I know how ya feel lol


----------



## Umbral (Nov 7, 2013)

Every tadpole is sacred, every tadpole is good, if a tadpole gets waaaasted snaker ranch gets quite irate?


----------



## Niall (Nov 7, 2013)

The tadpoles came out yellow.


----------



## Wing_Nut (Nov 7, 2013)

Niall said:


> The tadpoles came out yellow.



You should probably get that checked out.


----------



## Burnerism (Nov 7, 2013)

Cool looking little guys. But certainly abit on the creepy side lol


----------



## Niall (Nov 7, 2013)

Haha funny one.
In all seriousness, the tadpoles from the albino moorei do hatch out a pile yellow colour. I was lucky enough to see them first hand.


----------



## steampunk (Nov 8, 2013)

When are you breeding yours Niall?

Sent from my LT26i using Tapatalk


----------



## JackTheHerper (Nov 8, 2013)

Instead of croaking do they make a Vroooooooooom sound?


----------



## Umbral (Nov 8, 2013)

Need to mount handle bars on them and mount a Lego man on before they make that noise though.


----------



## Snowman (Nov 8, 2013)

steampunk said:


> When are you breeding yours Niall?
> 
> Sent from my LT26i using Tapatalk


Snake ranch have Niall's now.

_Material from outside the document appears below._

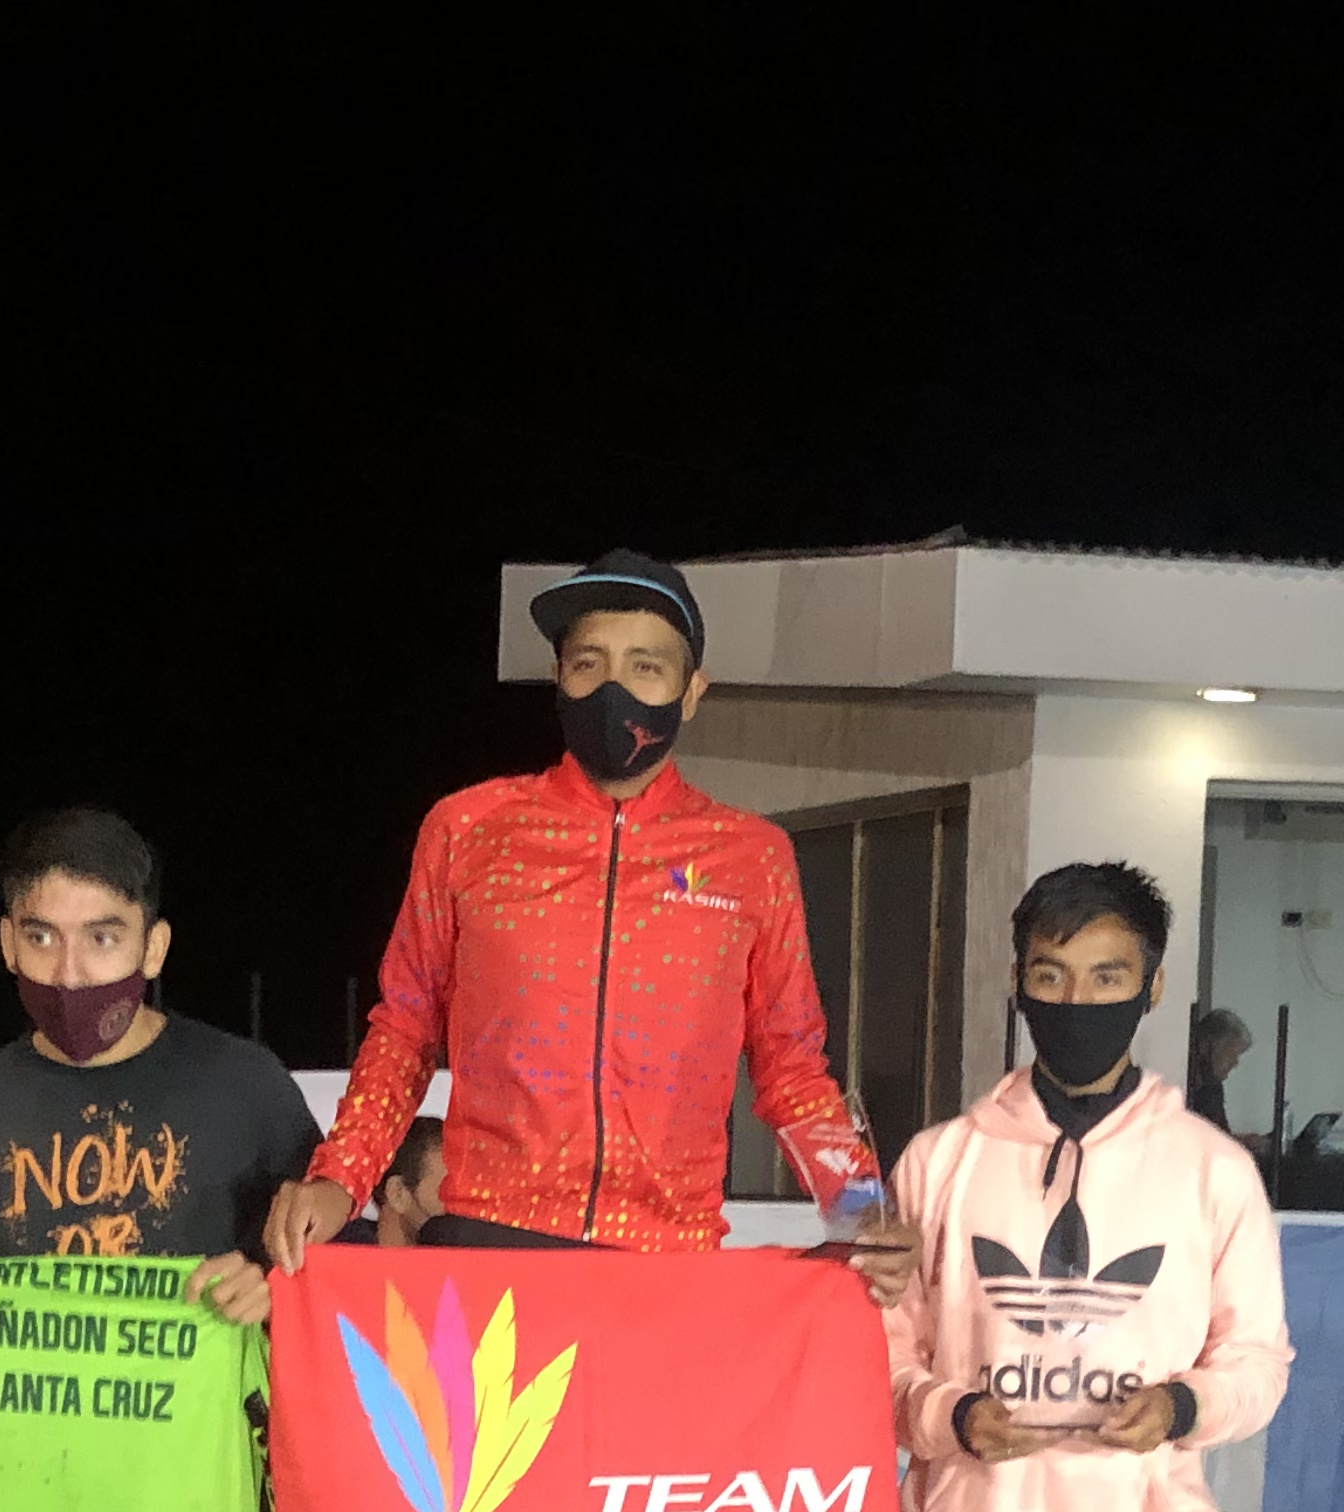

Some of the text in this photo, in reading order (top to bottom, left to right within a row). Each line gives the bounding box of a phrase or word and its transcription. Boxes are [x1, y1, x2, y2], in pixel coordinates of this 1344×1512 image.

[8, 1123, 178, 1217] NOW
[116, 1319, 198, 1361] SECO
[92, 1377, 175, 1423] CRUZ
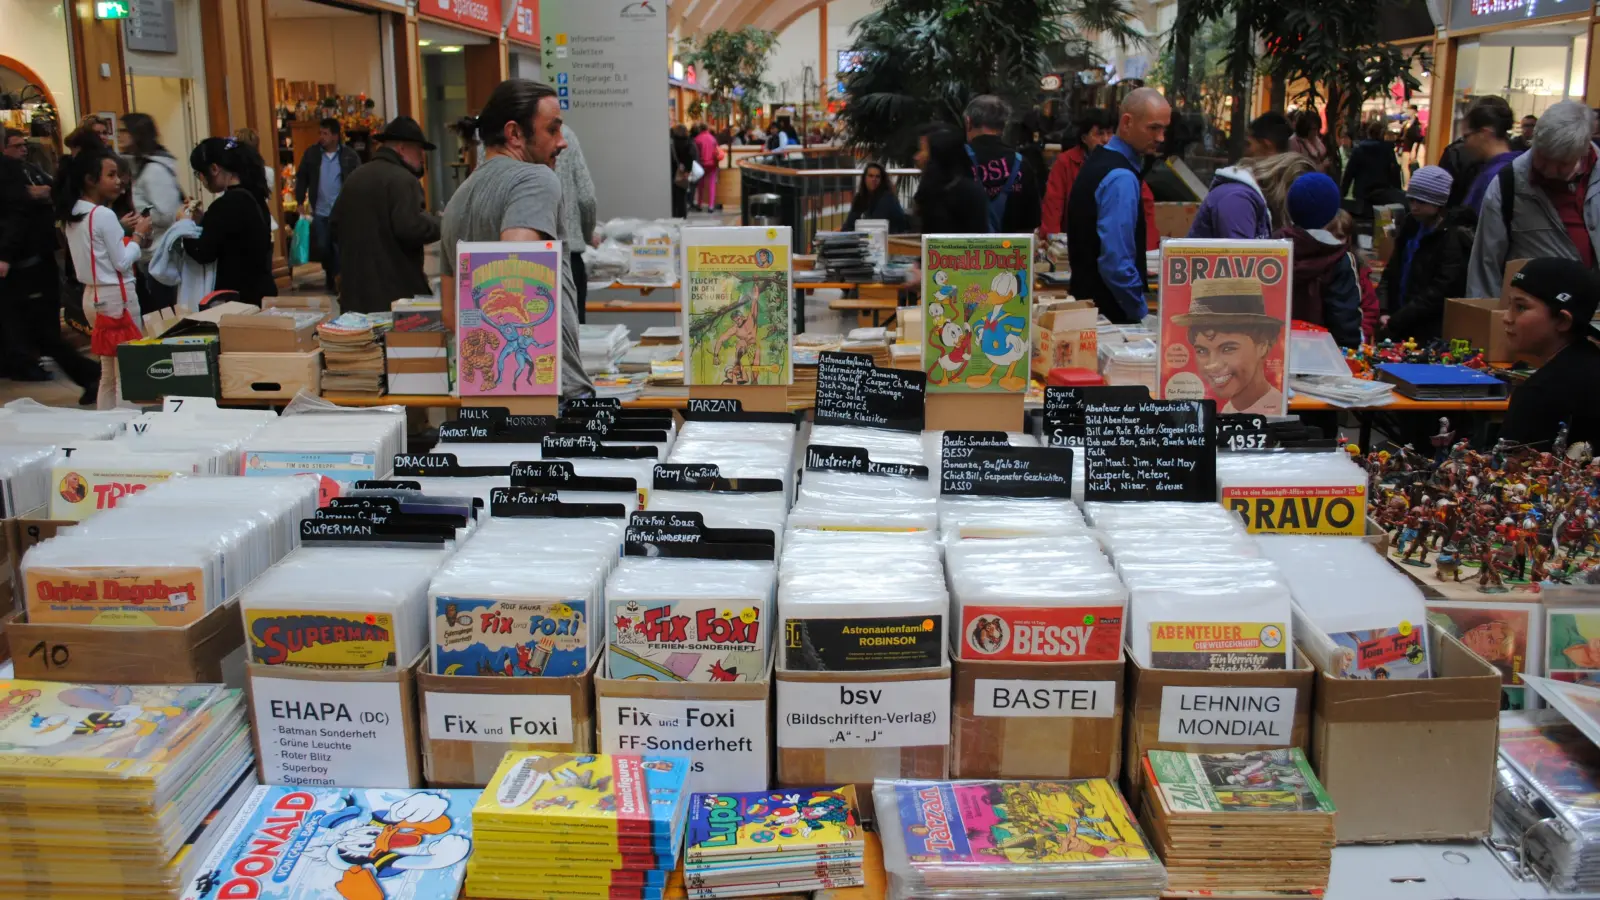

But I think Niall's friend still breeds them.

- - - Updated - - -

Motor bike frogs (non albino)


----------



## Junglejags (Nov 8, 2013)

The albinos look cool but I'd prefer a solid green motor bike frog. Is there any plans to cross these to high greens to produce a more yellow albino rather then the whitish colouration


----------



## NickGeee (Nov 8, 2013)




----------



## Snowman (Nov 8, 2013)

JackTheHerper said:


> Instead of croaking do they make a Vroooooooooom sound?


Actually you are close, the motorbike name comes from their call that sounds like a bike changing gears.


----------



## Thyla (Nov 8, 2013)

Those red eyes are insane!


----------